How to complete this task: Set down every line of the data exactly, skipping the pictures.

Material provided:
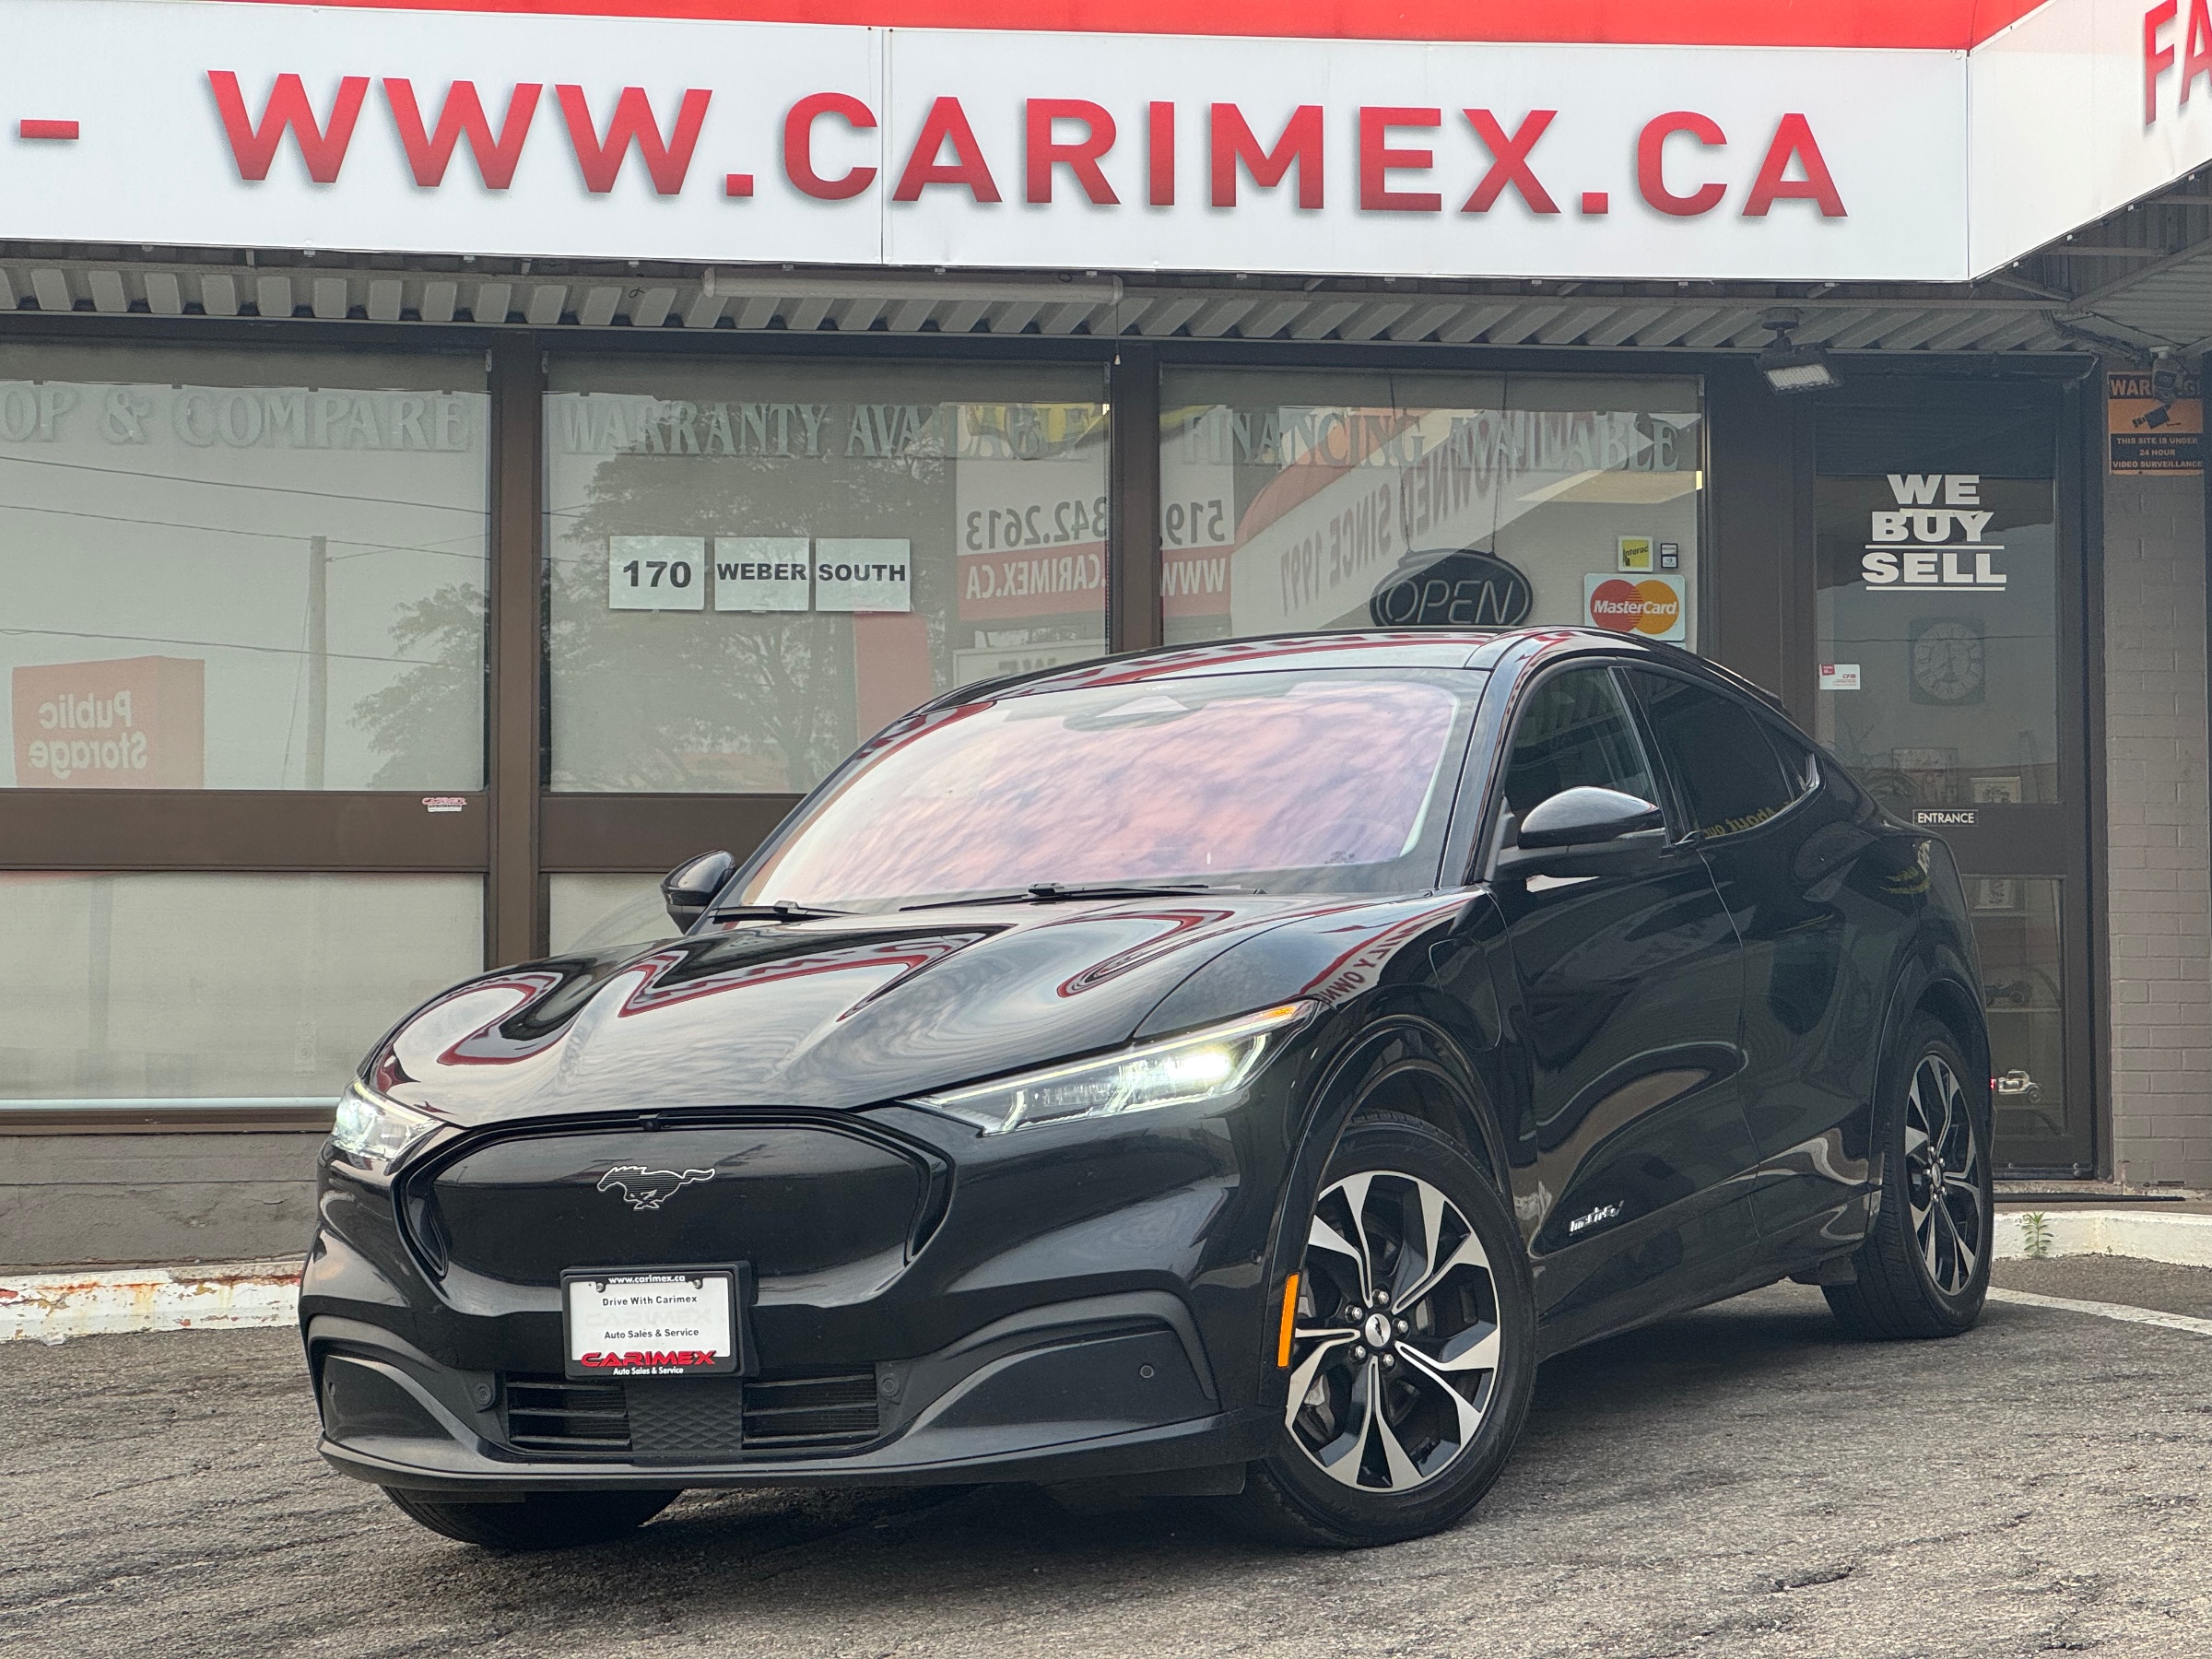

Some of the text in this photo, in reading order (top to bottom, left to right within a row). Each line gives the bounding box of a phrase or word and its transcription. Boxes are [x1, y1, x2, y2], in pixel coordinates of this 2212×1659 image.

[207, 70, 1848, 218] WWW.CARIMEX.CA
[2110, 379, 2201, 396] WARG!
[175, 391, 469, 452] COMPARE
[560, 401, 829, 456] WARRANTY
[1183, 412, 1679, 472] FINANCING AVAILABLE
[1887, 474, 1981, 505] WE
[1871, 511, 1994, 543] BUY
[1622, 545, 1649, 558] Interac
[622, 560, 692, 589] 170
[716, 562, 807, 582] WEBER
[818, 563, 906, 582] SOUTH
[1861, 552, 2007, 584] SELL
[1384, 578, 1513, 626] OPEN
[1594, 599, 1677, 615] MasterCard
[1917, 812, 1975, 824] ENTRANCE
[608, 1274, 686, 1284] www.carimex.ca
[602, 1295, 698, 1306] Drive With Carimex
[604, 1328, 700, 1339] Auto Sales & Service
[581, 1350, 717, 1367] CARIMEX
[613, 1366, 684, 1375] Auto Sales & Service

Written reply:
Some of the text in this photo, in reading order (top to bottom, left to right within a row). Each line gives the bounding box of a phrase or word and its transcription. Boxes are [x1, y1, x2, y2], in pixel coordinates of this 2212×1659 image.

[207, 70, 1848, 218] WWW.CARIMEX.CA
[2110, 379, 2201, 396] WARG!
[175, 391, 469, 452] COMPARE
[560, 401, 829, 456] WARRANTY
[1183, 412, 1679, 472] FINANCING AVAILABLE
[1887, 474, 1981, 505] WE
[1871, 511, 1994, 543] BUY
[1622, 545, 1649, 558] Interac
[622, 560, 692, 589] 170
[716, 562, 807, 582] WEBER
[818, 563, 906, 582] SOUTH
[1861, 552, 2007, 584] SELL
[1384, 578, 1513, 626] OPEN
[1594, 599, 1677, 615] MasterCard
[1917, 812, 1975, 824] ENTRANCE
[608, 1274, 686, 1284] www.carimex.ca
[602, 1295, 698, 1306] Drive With Carimex
[604, 1328, 700, 1339] Auto Sales & Service
[581, 1350, 717, 1367] CARIMEX
[613, 1366, 684, 1375] Auto Sales & Service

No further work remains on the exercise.